How do I make the most of my acupuncture treatments?

The initial treatment is arguably the most important appointment because it helps the practitioner to be acquainted not just with your chief complaints, but also your overall health history, constitution, life style, etc. This is the reason the initial appointment takes longer and costs more.

Meridian's initial intake form is there to help you elaborate on your health history, so we insist all patients to take the time to fill out the online initial intake form as completely as possible prior to the appointment. That way we can use the valuable clinic time for diagnosis and treatments instead of filling out paperwork.

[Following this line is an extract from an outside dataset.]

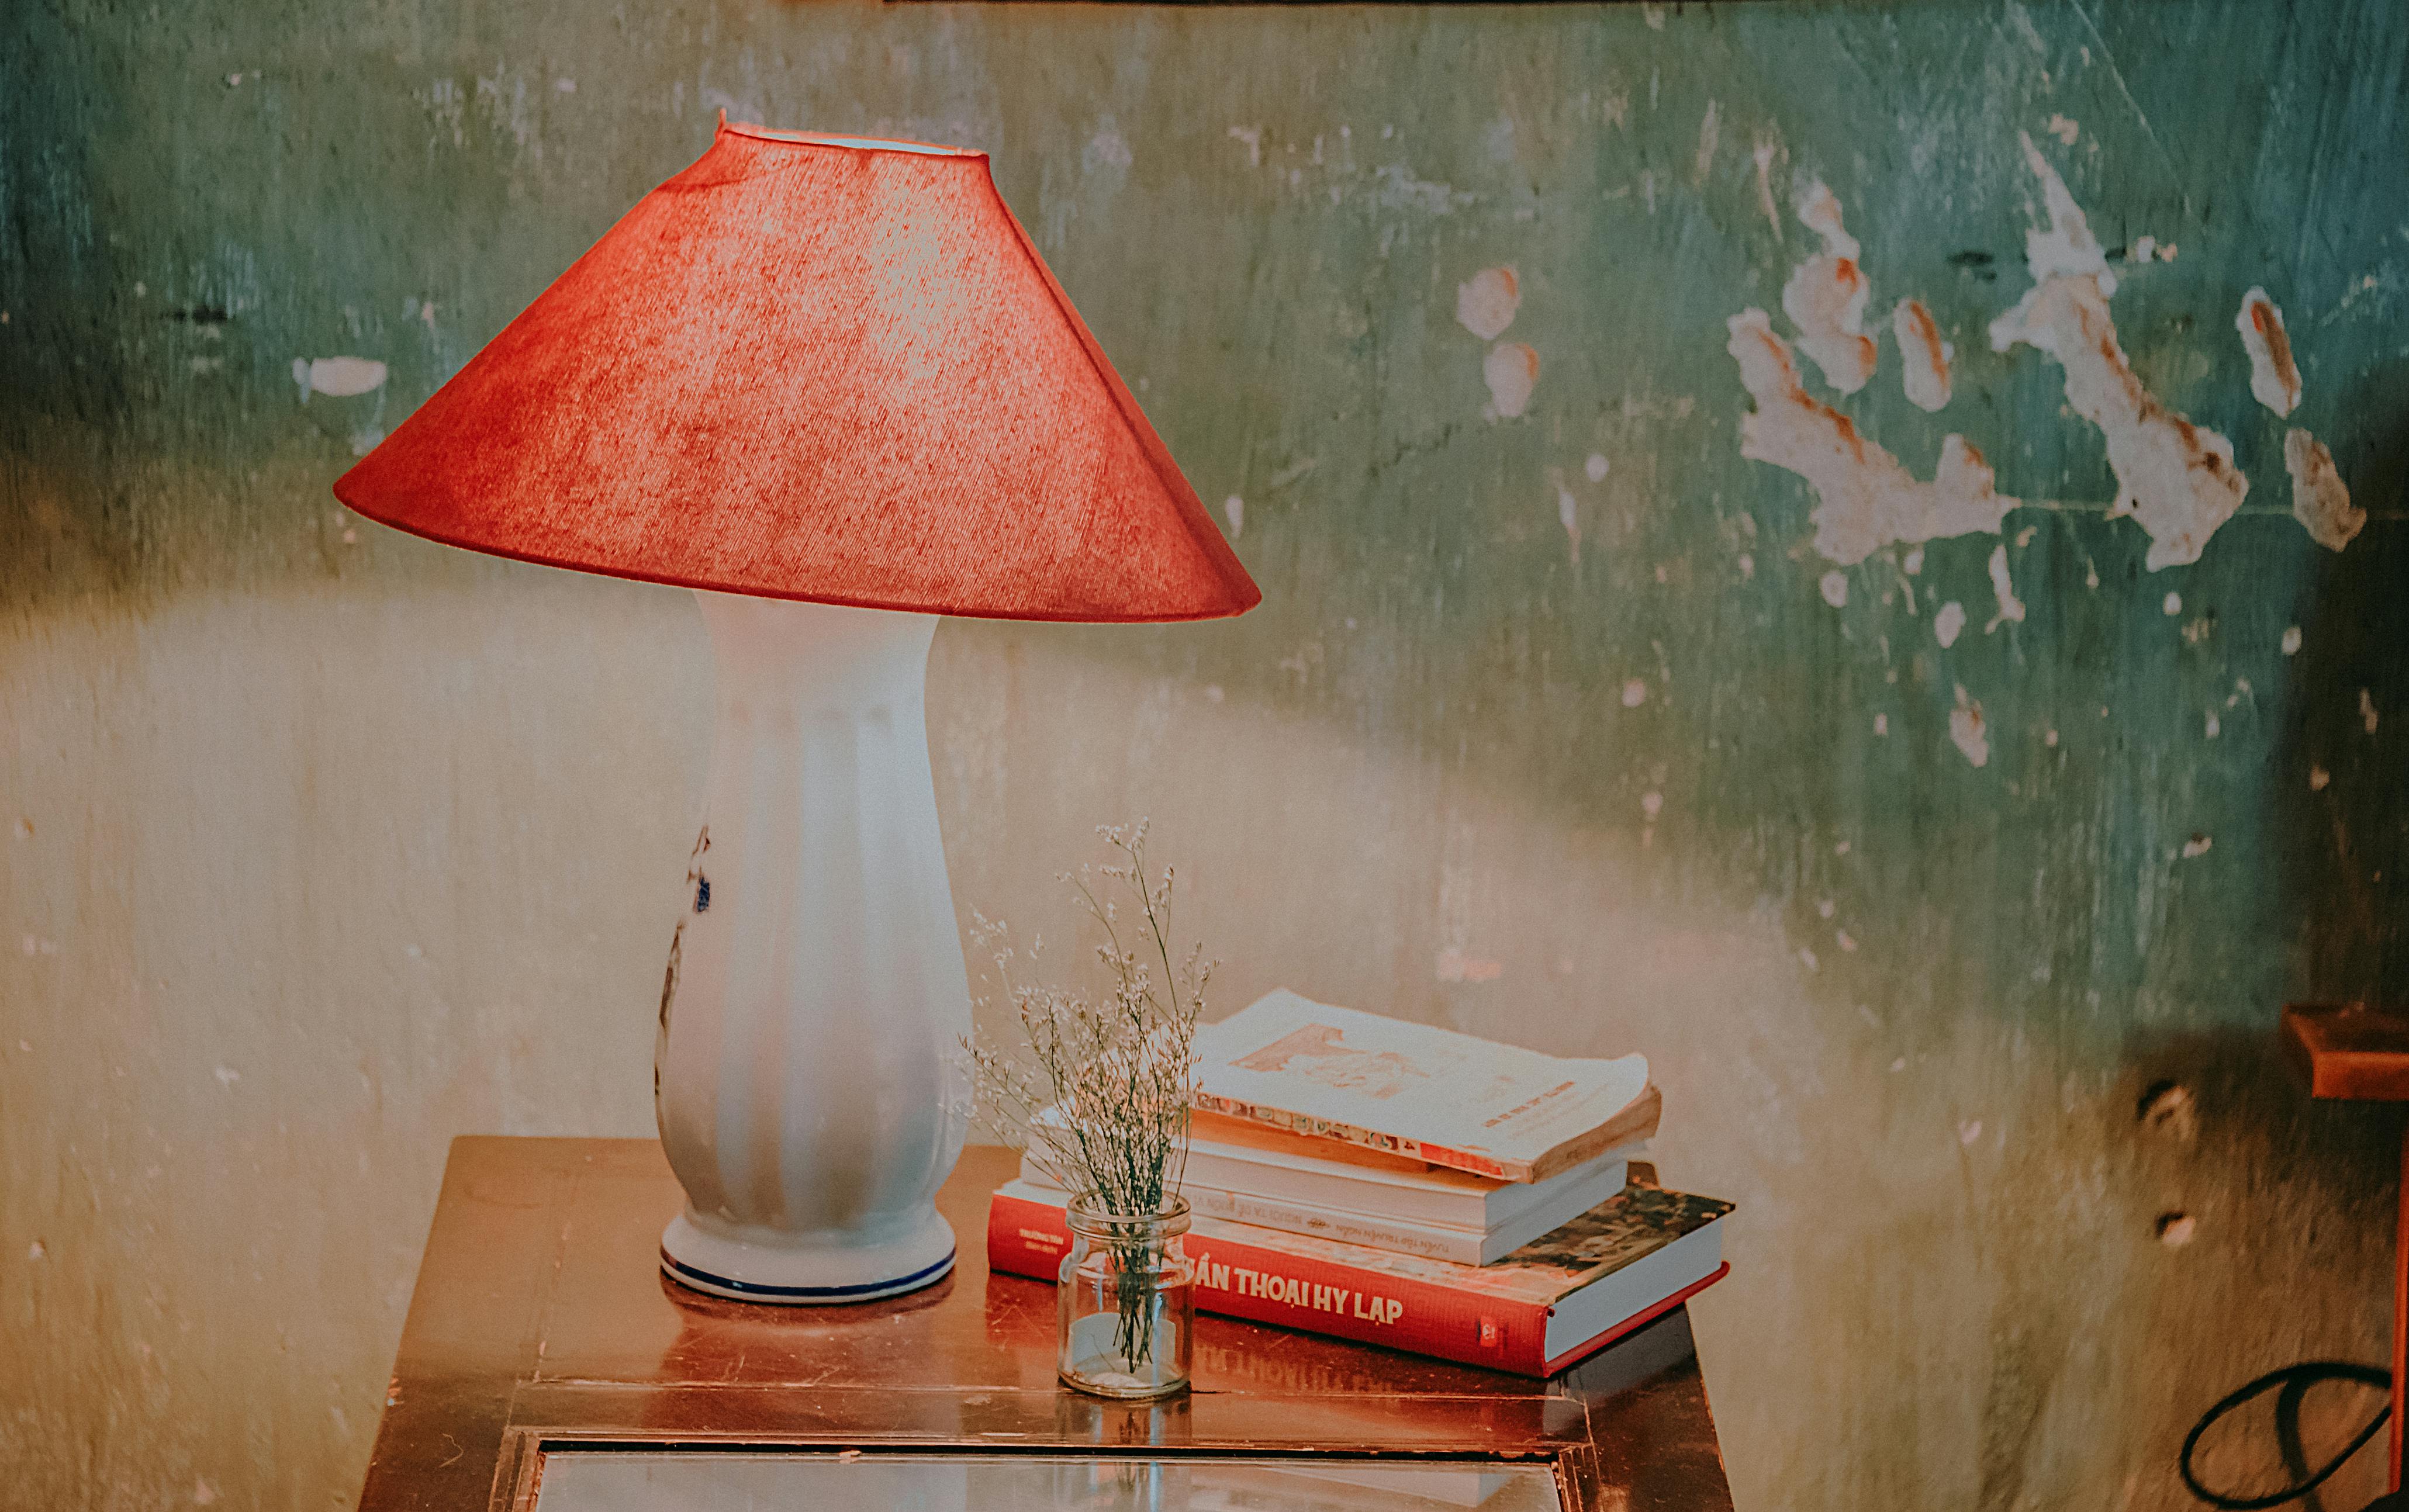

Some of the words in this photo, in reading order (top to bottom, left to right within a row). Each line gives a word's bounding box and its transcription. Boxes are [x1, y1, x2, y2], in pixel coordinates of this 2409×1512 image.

[1234, 1267, 1309, 1309] THOẠI
[1314, 1285, 1349, 1315] HY
[1354, 1292, 1404, 1327] LẠP

Does the medical field approve of acupuncture?

Yes. There are more than 16,000 licensed acupuncturists in the United States and 3,000 physicians who perform acupuncture as part of their medical practice. The World Health Organization currently recognizes more than 40 medical problems -- including pain, gastrointestinal, gynecological, and respiratory conditions as well as sports injuries -- can be helped by acupuncture treatment. Lastly, in 1996, the U.S. Food and Drug administration (FDA) reclassified acupuncture needles, regulating them as it does other medical devices. Acupuncture needles most now be manufactured according to single-use standards of sterility and are intended for general use by qualified practitioners.

Will my insurance policy cover acupuncture treatment?

Some insurance companies will pay for acupuncture treatment. Because each insurance provider has different restrictions, it is best to consult with your provider to determine if your treatment will be covered.